22 Aug Guilty for not feeling guilty
I have spent the entire summer feeling guilty for leaving my three kids home alone while I worked. Even though my oldest is 13 and I was gone just five hours a day at the most, I felt the angst. School starts Monday and I now feel guilty that I am happy to send them to school so I can lose my guilt about leaving them home. I’m guilty about not feeling guilty – or something like that!
Our society teaches us that everything is possible. We see what others are doing and we assume we should be doing the same – and if we’re not, something is wrong with us.

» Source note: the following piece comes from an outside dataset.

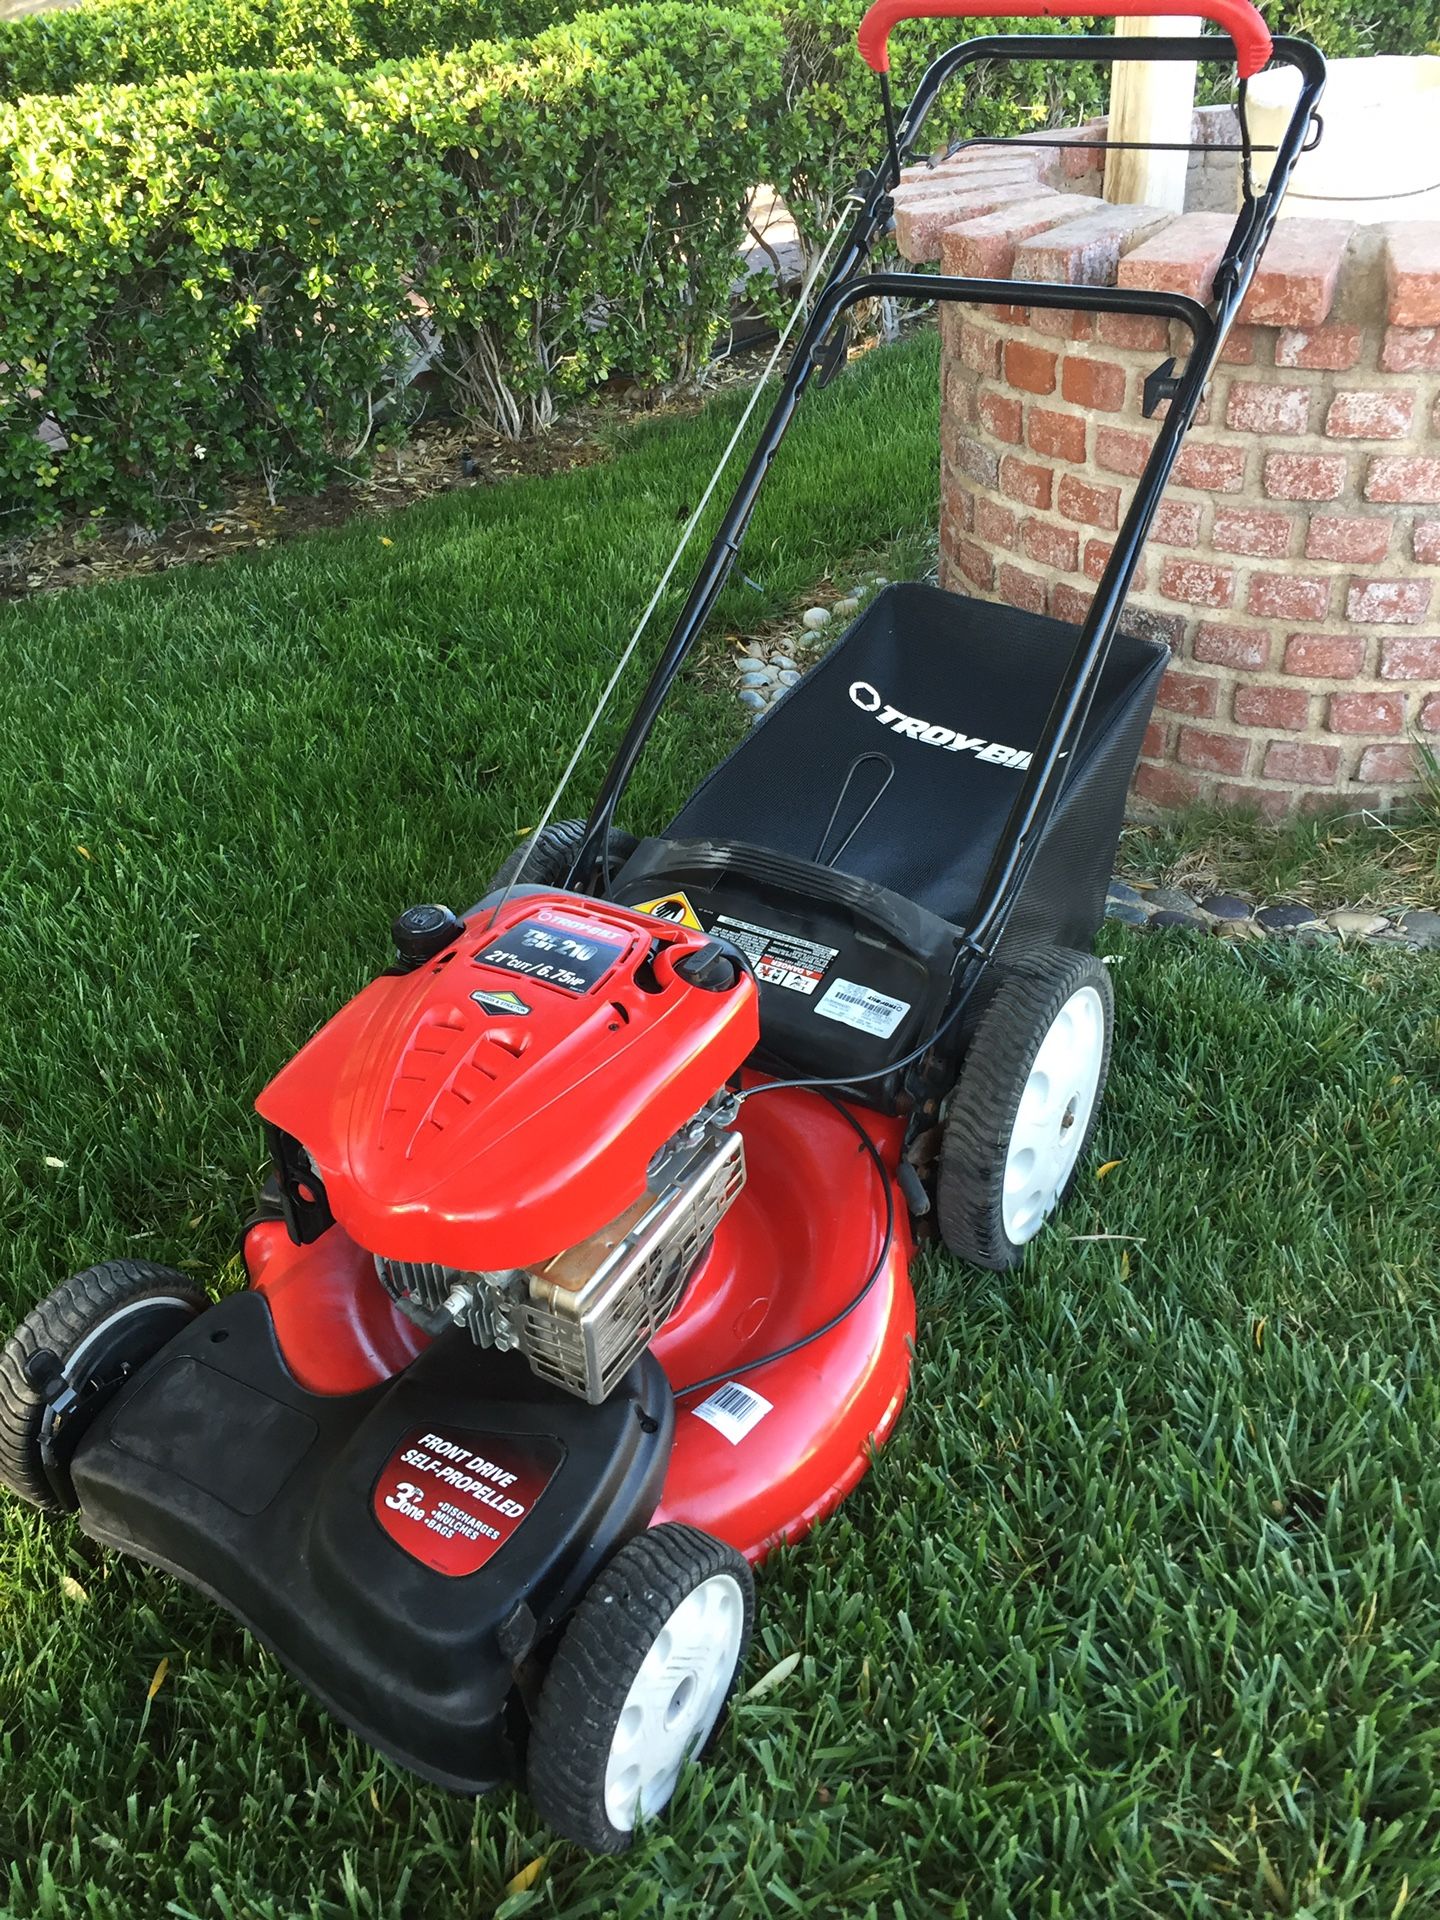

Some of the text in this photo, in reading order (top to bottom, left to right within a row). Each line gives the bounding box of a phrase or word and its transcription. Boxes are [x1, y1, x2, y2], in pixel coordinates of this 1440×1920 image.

[400, 1449, 525, 1519] SELF-PROPELLED
[417, 1433, 518, 1488] FRONT DRIVE

For me, when I see a successful woman (supermom, career mom, pretty, fit, happy, smart, whatever defines success for me on any given day), I assume she does all I do in addition to all she does. I have to be careful about that. No matter how hard I try, I am not going to be able to find the hours to blog, write books, cook gourmet meals from scratch, keep a manicured yard, clean my house, exercise every day, have pets, take kids to practices, read to my kids, vacation, work, meet friends for coffee, lead youth group, teach Bible studies, pray, you get the idea. Something has to give – we must be happy with parameters and balance!

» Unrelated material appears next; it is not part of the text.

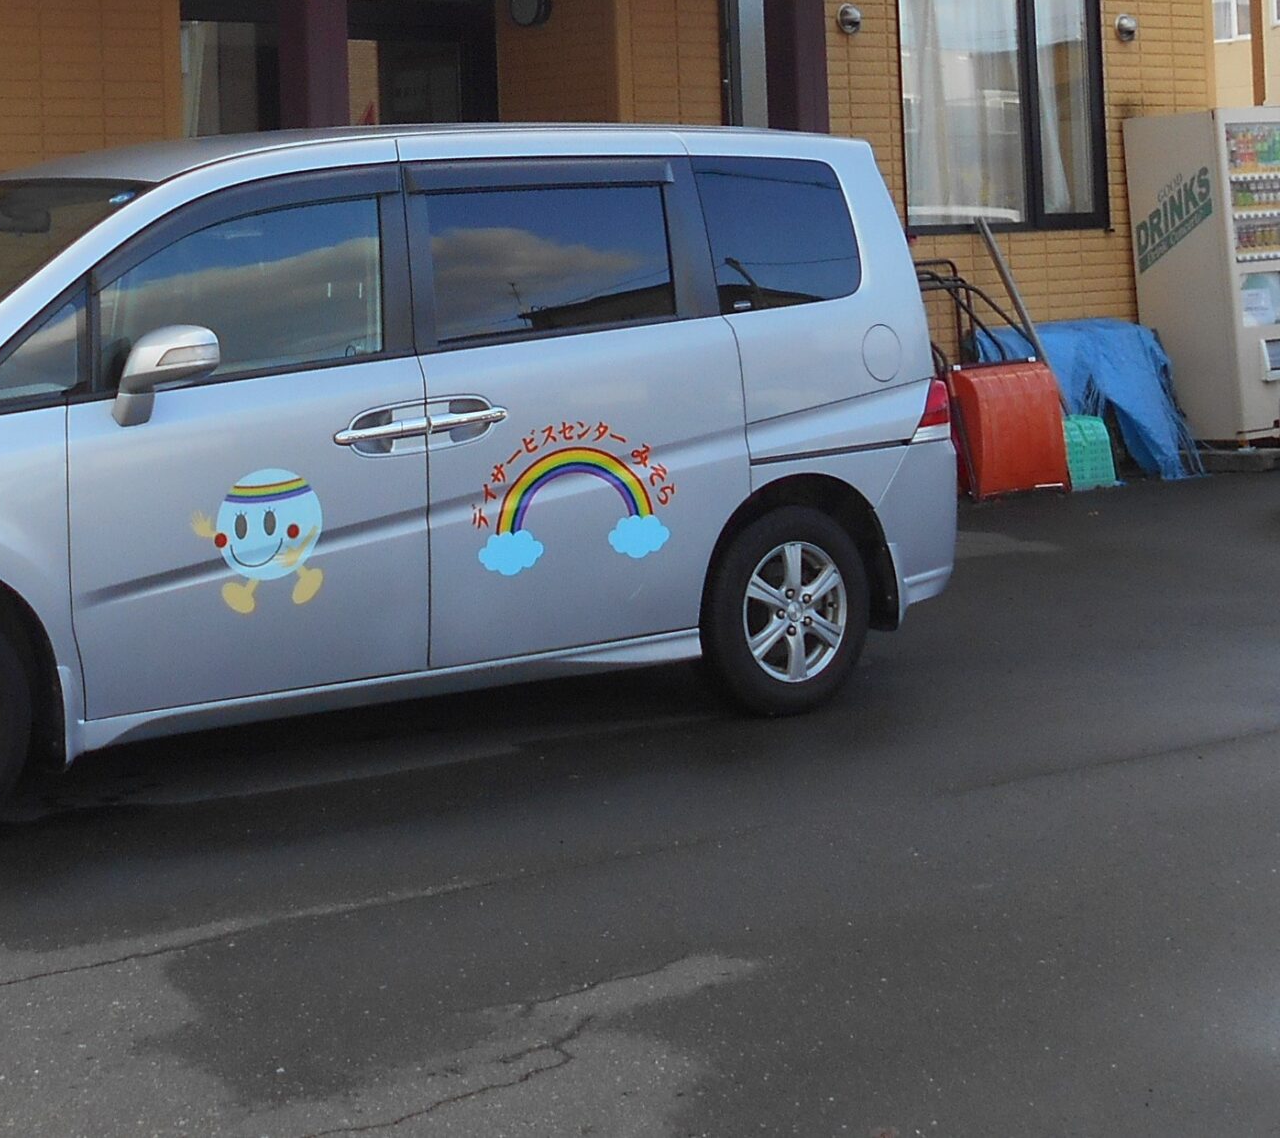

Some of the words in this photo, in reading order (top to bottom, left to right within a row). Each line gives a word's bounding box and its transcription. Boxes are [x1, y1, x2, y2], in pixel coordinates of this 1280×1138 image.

[1135, 166, 1211, 256] DRINKS
[631, 444, 675, 505] みそら

I joke about being happy with mediocrity. But it’s freeing, really, when I reach a point when I can be happy with something being “okay.” I am not beautiful, but I’m okay. My yard is full of weeds, but it’s okay. This blog may not be fabulous, but it’s okay with me if just one person is touched in some way. When I can lose guilt about not being perfect, I can be free to enjoy and thrive and focus on what I SAY are my priorities – my faith, my husband, my children.